Exercise requirements
Images are not part of the copy; write out the rest of the data exactly as given.

Items from a dataset:
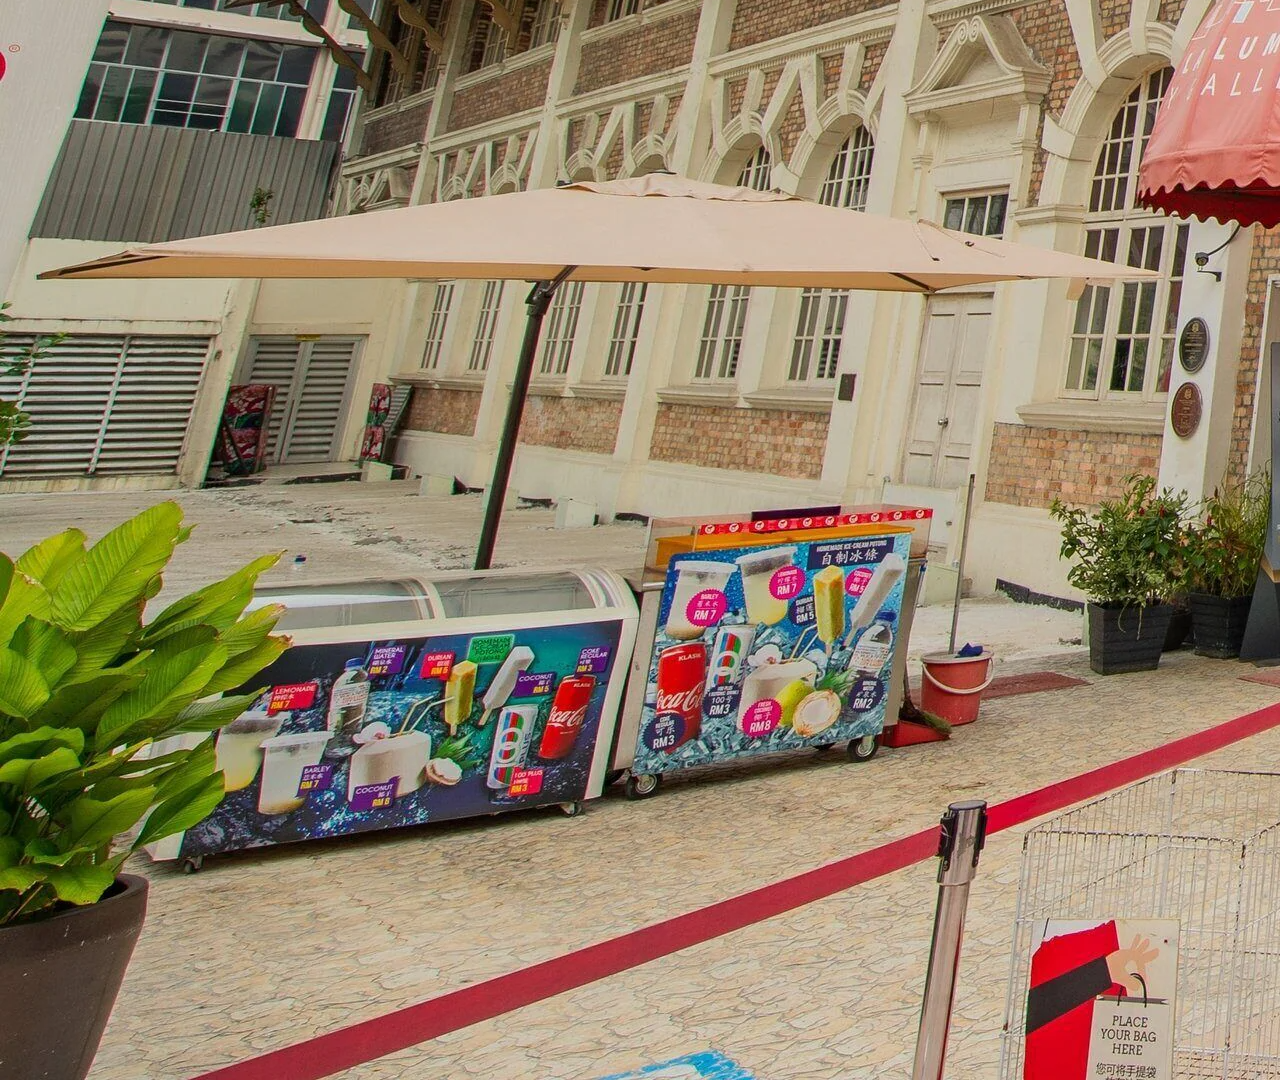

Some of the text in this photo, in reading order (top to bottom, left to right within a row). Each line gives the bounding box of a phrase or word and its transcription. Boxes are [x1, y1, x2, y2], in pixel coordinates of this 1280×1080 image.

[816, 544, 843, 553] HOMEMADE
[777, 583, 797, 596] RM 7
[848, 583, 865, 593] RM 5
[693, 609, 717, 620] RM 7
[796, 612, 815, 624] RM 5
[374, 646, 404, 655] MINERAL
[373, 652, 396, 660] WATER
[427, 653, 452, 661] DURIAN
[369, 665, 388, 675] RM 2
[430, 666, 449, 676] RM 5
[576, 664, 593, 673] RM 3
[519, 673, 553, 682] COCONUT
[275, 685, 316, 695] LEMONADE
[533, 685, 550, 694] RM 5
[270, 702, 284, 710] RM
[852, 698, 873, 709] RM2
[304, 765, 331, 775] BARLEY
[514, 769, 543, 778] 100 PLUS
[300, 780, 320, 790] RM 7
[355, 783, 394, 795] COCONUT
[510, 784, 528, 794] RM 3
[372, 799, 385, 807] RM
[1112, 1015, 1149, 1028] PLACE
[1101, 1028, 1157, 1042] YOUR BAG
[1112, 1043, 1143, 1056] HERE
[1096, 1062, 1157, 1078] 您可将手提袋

Response to this exercise
Some of the text in this photo, in reading order (top to bottom, left to right within a row). Each line gives the bounding box of a phrase or word and its transcription. Boxes are [x1, y1, x2, y2], in pixel coordinates of this 1280×1080 image.

[816, 544, 843, 553] HOMEMADE
[777, 583, 797, 596] RM 7
[848, 583, 865, 593] RM 5
[693, 609, 717, 620] RM 7
[796, 612, 815, 624] RM 5
[374, 646, 404, 655] MINERAL
[373, 652, 396, 660] WATER
[427, 653, 452, 661] DURIAN
[369, 665, 388, 675] RM 2
[430, 666, 449, 676] RM 5
[576, 664, 593, 673] RM 3
[519, 673, 553, 682] COCONUT
[275, 685, 316, 695] LEMONADE
[533, 685, 550, 694] RM 5
[270, 702, 284, 710] RM
[852, 698, 873, 709] RM2
[304, 765, 331, 775] BARLEY
[514, 769, 543, 778] 100 PLUS
[300, 780, 320, 790] RM 7
[355, 783, 394, 795] COCONUT
[510, 784, 528, 794] RM 3
[372, 799, 385, 807] RM
[1112, 1015, 1149, 1028] PLACE
[1101, 1028, 1157, 1042] YOUR BAG
[1112, 1043, 1143, 1056] HERE
[1096, 1062, 1157, 1078] 您可将手提袋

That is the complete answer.